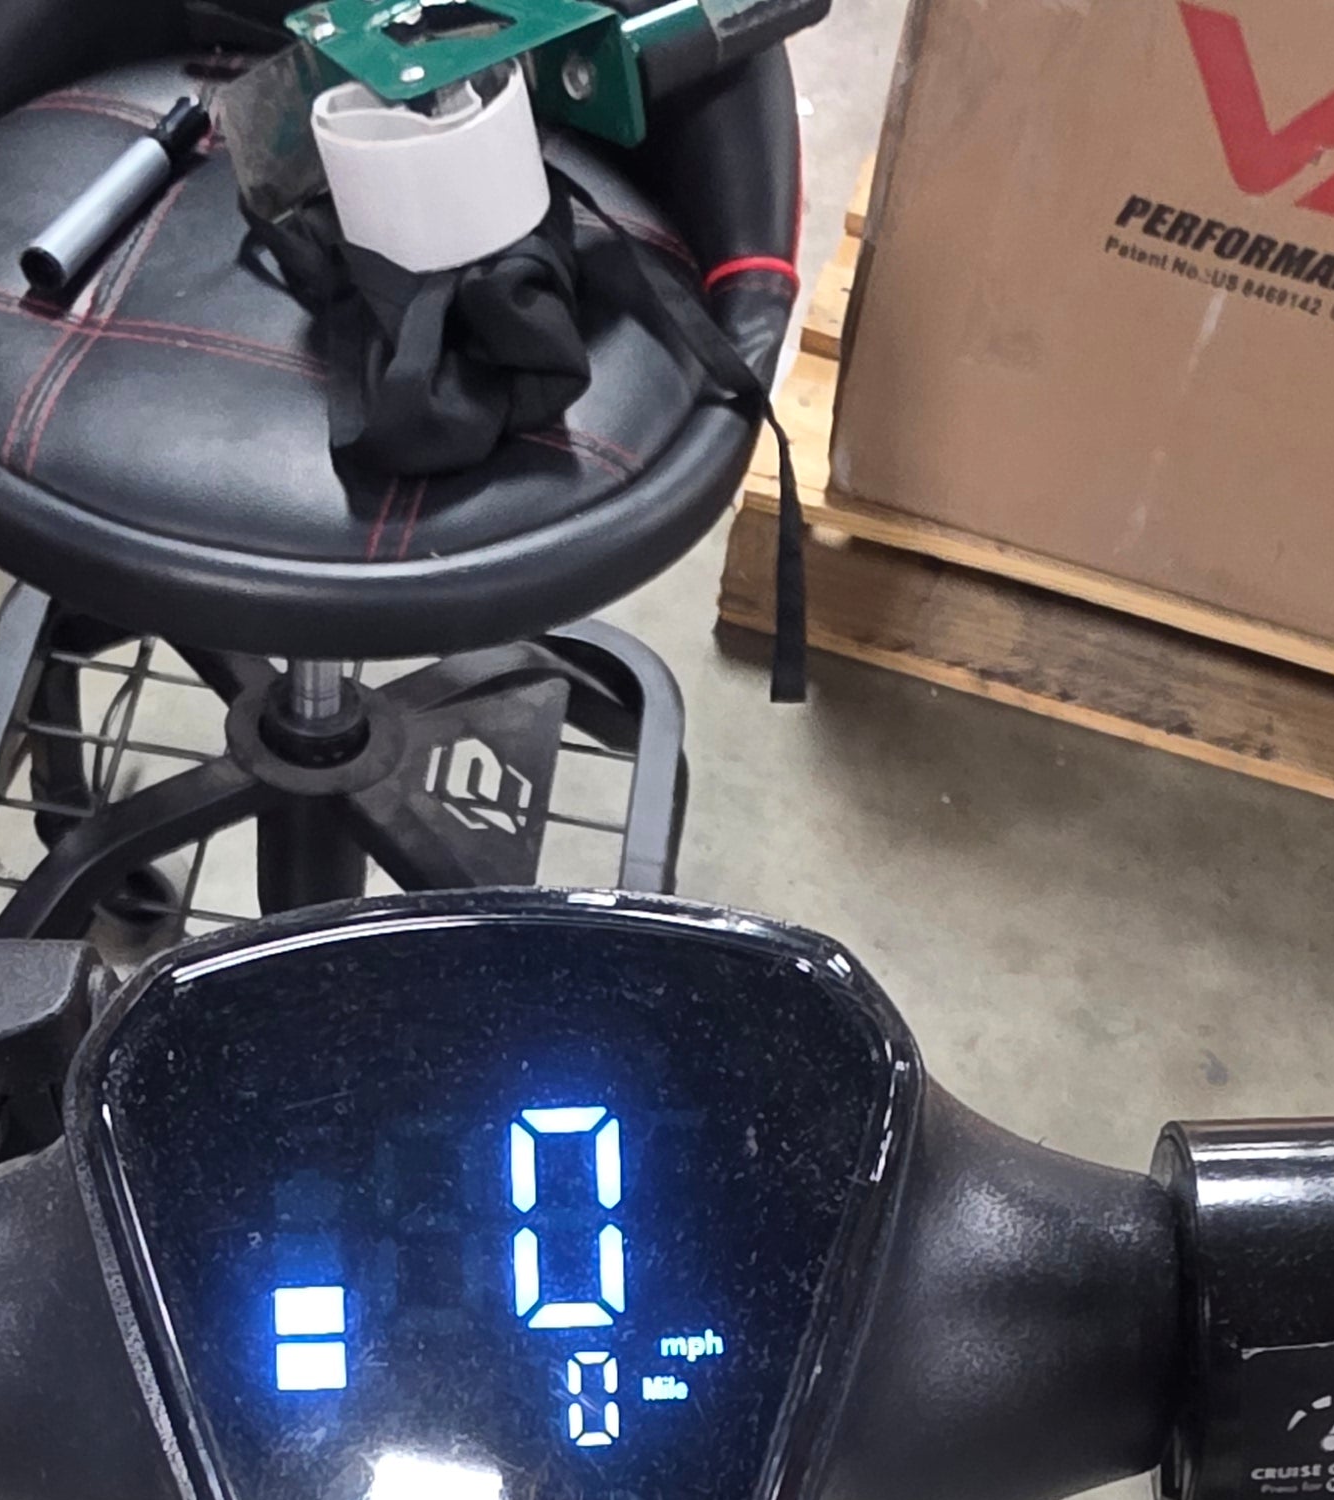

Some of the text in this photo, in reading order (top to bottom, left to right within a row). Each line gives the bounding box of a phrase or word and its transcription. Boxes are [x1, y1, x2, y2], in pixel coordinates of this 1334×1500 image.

[1104, 235, 1169, 271] Patent
[508, 1104, 626, 1329] 0
[660, 1328, 725, 1362] mph
[567, 1350, 621, 1447] 0
[1250, 1463, 1322, 1480] CRUISE

**What to work on**
Give a verbatim transcription of the entries, leaving out the pictures.

**Problem solution**
Some of the text in this photo, in reading order (top to bottom, left to right within a row). Each line gives the bounding box of a phrase or word and its transcription. Boxes are [x1, y1, x2, y2], in pixel coordinates of this 1334×1500 image.

[1104, 235, 1169, 271] Patent
[508, 1104, 626, 1329] 0
[660, 1328, 725, 1362] mph
[567, 1350, 621, 1447] 0
[1250, 1463, 1322, 1480] CRUISE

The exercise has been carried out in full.